# Your thoughts on Mesa Boogie amps



## Ti-Ron (Mar 21, 2007)

Pretty simple. I'm playing with friends and we are thinking about starting a band soon. Make our own songs and rock like we were real rock stars! 
Actually, I am playing with a Fender 30 (2 channels and reverb) with a delay a tuner and a Rat. I would like to keep it simple. More simple.
I had some problem with power outlet and some power soure, sometime practice space don't have many plugs in the walls!

Mesa seems interessing but I wonder how reliable they are? Are versatile they can be? I know they can do the NU Metal sound, they are popular for that, but if I'm playing punk/grunge/blues/stoner stuff are they able to cover everything?

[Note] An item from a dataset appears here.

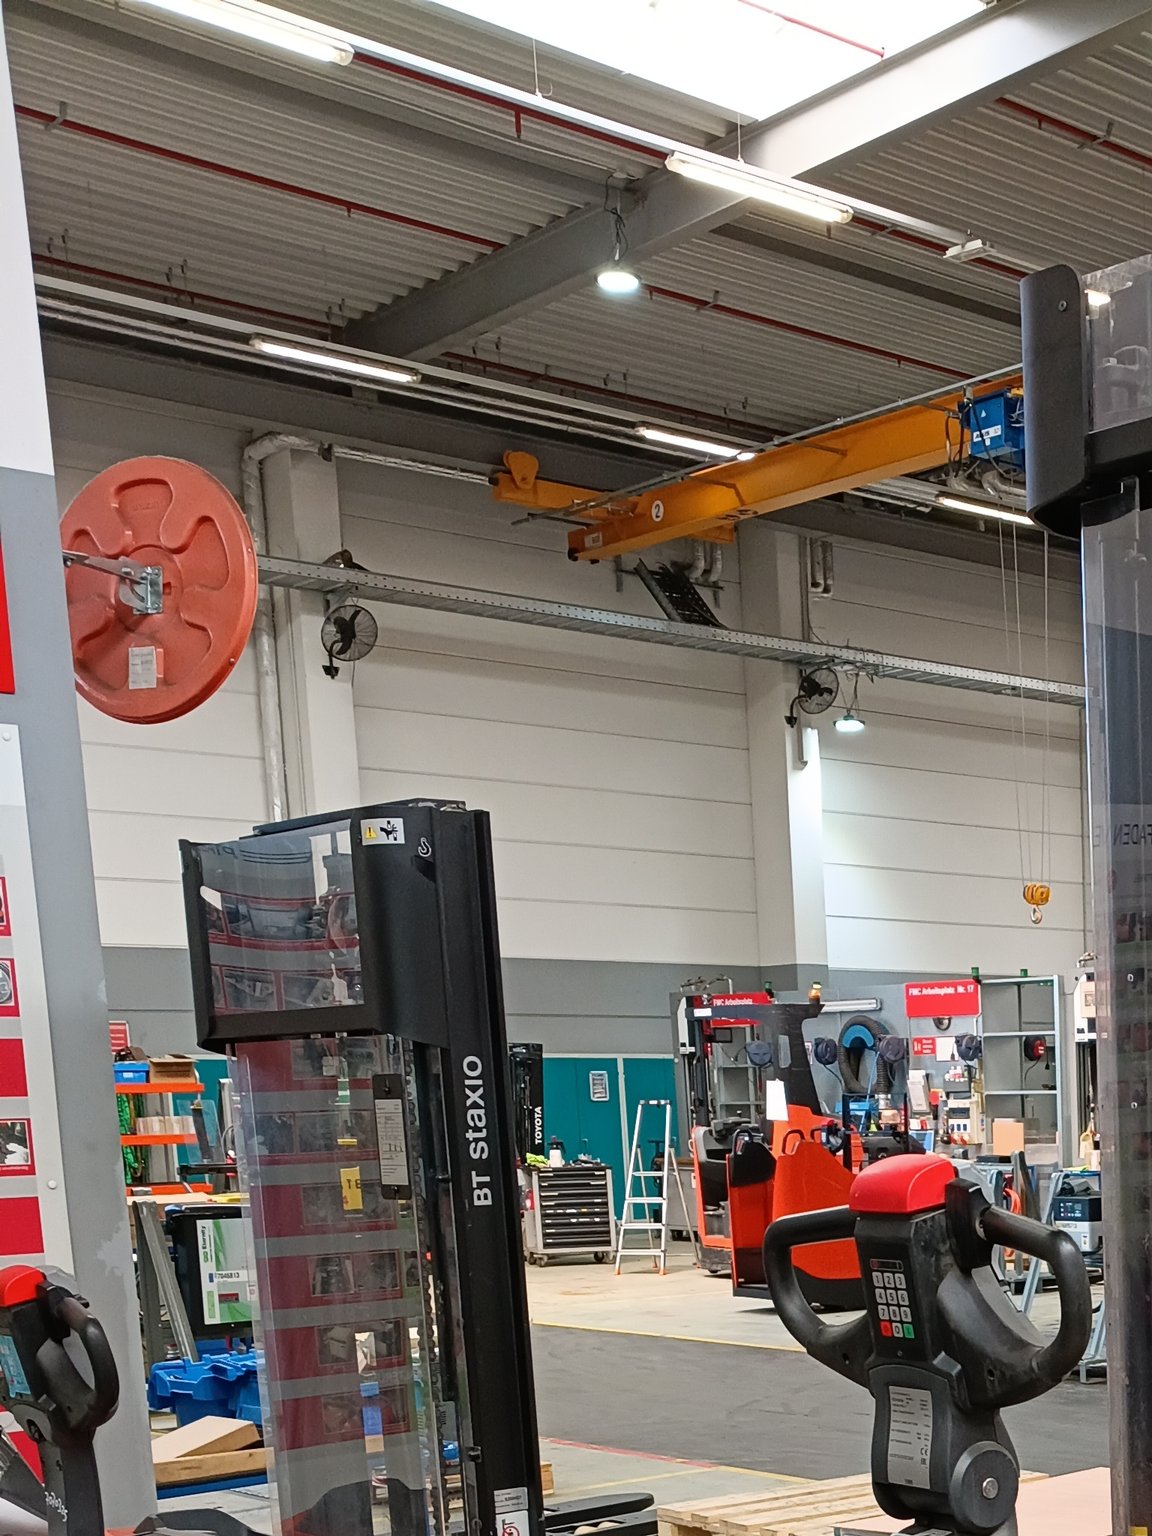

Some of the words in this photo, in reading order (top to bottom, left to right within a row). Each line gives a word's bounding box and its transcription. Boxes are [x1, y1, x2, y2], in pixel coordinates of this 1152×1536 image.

From the Mark V to Rectifier Roadster or single rectifier wich one is the best?

The mark V seems cool but too much options for, I think. The single rectifier is nice too, but maybe too simple since I am really using 3 sounds: clean, little dirt and really dirt!
The roadster seems the perfect match. But I need some inputs.

What you guys think about the mesa?


----------



## Budda (May 29, 2007)

There's something in the lineup for everyone. It's BS to assume that they're "Nu-metal" amps - they are popular in metal, rock, country, punk...

I'd go Triple Rec (headroom of 150W = the most punch and control of the recto line), Road King, Stiletto or Mark. It depends on what voicing you want, what type of tone you're after. Any of those amps will do a wide variety of styles.

I own a roadster, I've had it coming up on 2 years. Metal band: check. Punk riffs: check. Rock band: check. Blues/jazz tones - check. But I know I can get that type of tone from a Mark V, Stiletto, Lonestar (except maybe modern metal haha).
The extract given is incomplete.